ACTIVE TIME: 45 minutes
TOTAL TIME: 1 hour and 45 minutes
Ingredients of Roasted Eggplant and Leek Salad:
- 4 Rosa Bianca or globe eggplants (about 3 1/2 pounds total)
- Kosher salt
- 12 baby leeks, white and light green parts only, halved lengthwise
- 4 tablespoons canola oil
- Freshly ground black pepper
- 1 1/2 cups loosely packed fresh cilantro leaves, coarsely chopped
- 1/2 cup spicy soy sauce
- 1 tablespoon freshly squeezed lime juice
Directions for Roasted Eggplant and Leek Salad:
- Trim the stem end of each eggplant, peel and slice lengthwise into 1-inch slices. Sprinkle with salt and set aside to drain, 1 hour. After an hour, pat slices dry with a paper towel.
- While the eggplant slices are draining, prepare a medium fire for direct heat grilling in a charcoal grill (you should be able to hold your hand 1 inch above the grate for only 4 to 5 seconds).
- When the coals are ready, drizzle the leeks with 2 tablespoons of the oil and sprinkle with salt and pepper. Place the leeks on the grate and cook, turning as needed, for about 15 minutes, until soft and charred in spots. Transfer to a plate, cover with plastic wrap, and let steam while you cook the eggplant.

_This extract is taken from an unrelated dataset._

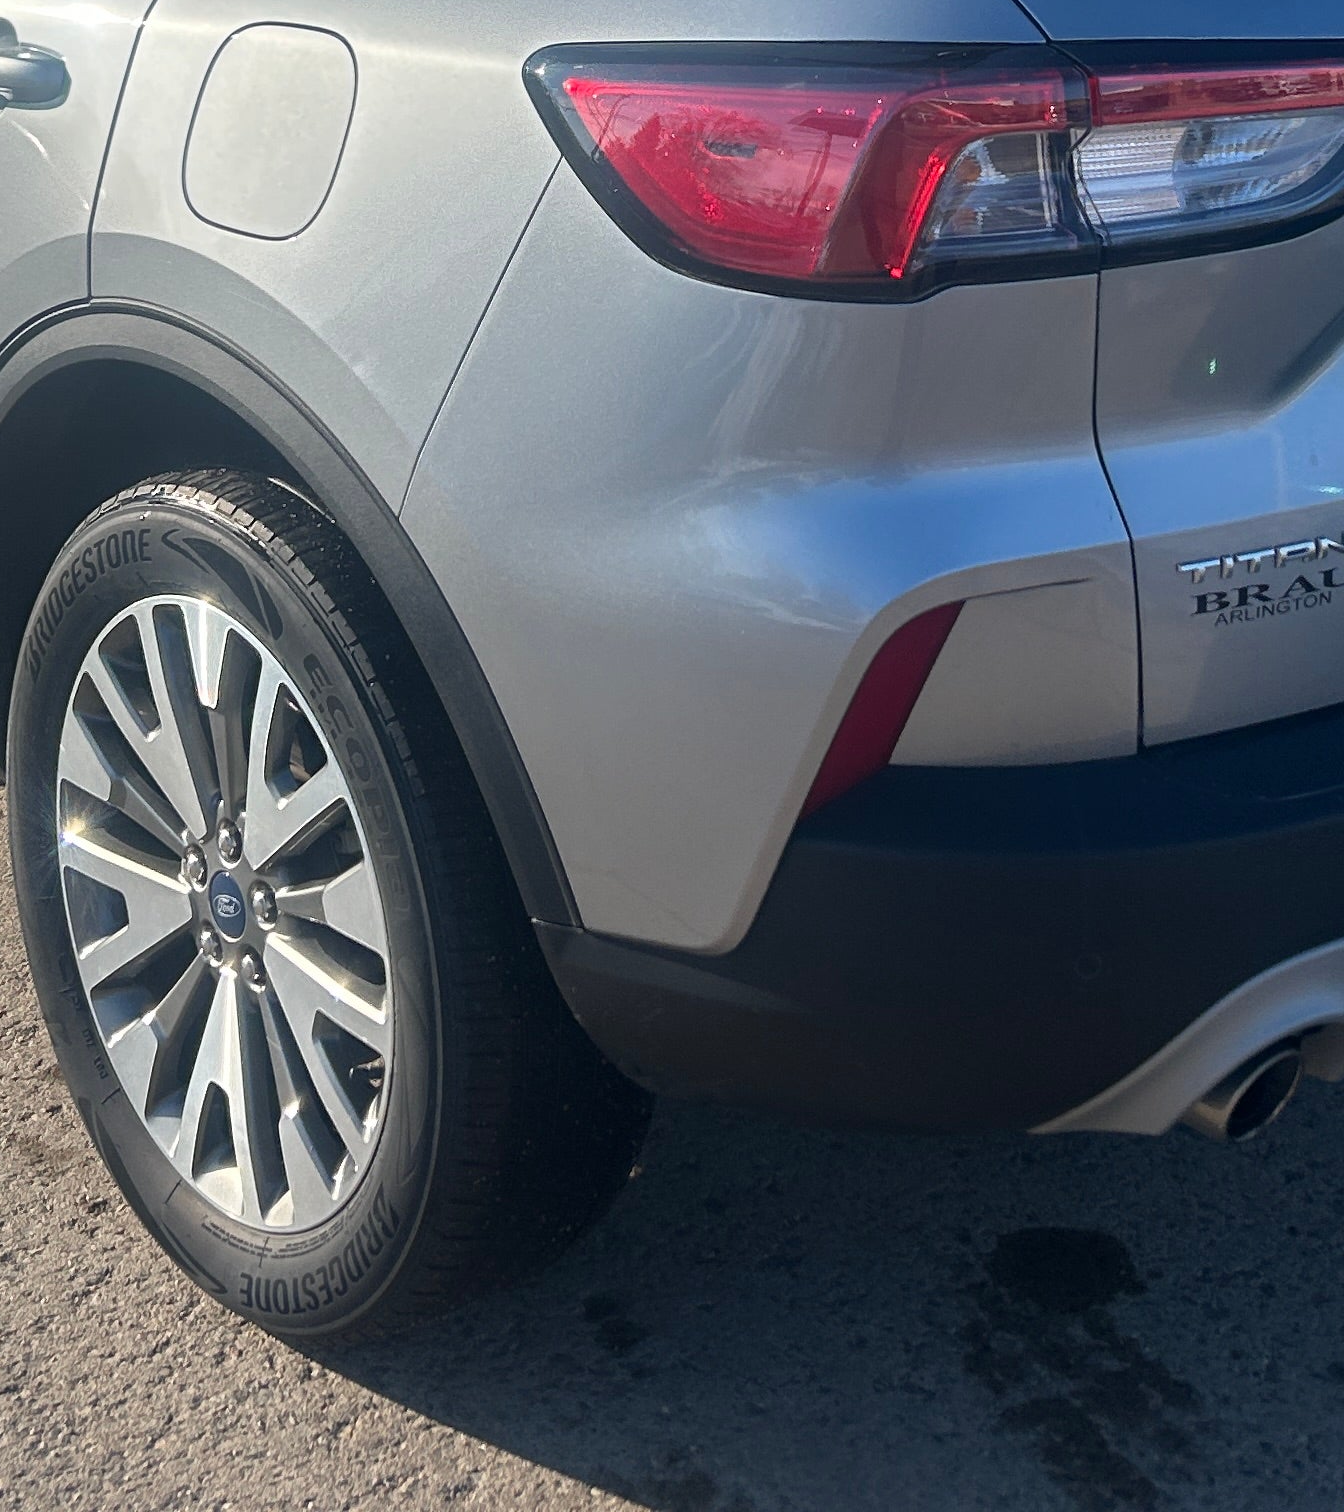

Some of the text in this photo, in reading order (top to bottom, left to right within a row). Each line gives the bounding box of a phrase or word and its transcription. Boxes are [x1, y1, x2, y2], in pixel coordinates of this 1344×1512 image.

- Drizzle the eggplant slices on both sides with the remaining 2 tablespoons oil, then sprinkle on both sides with salt and pepper. Grill the slices, turning occasionally, for about 20 minutes, until very soft and browned.
- Remove the eggplant slices from the grill. When cool enough to handle, cut into 1/2-inch cubes and transfer to a serving bowl. Cut the leeks crosswise into 1-inch-thick slices and add to the eggplant. Add the cilantro and toss to combine.
- In a small bowl, whisk together the spicy soy sauce and lime juice. Pour
- over the eggplant-leek mixture and toss to coat evenly. Season with additional salt and pepper and serve.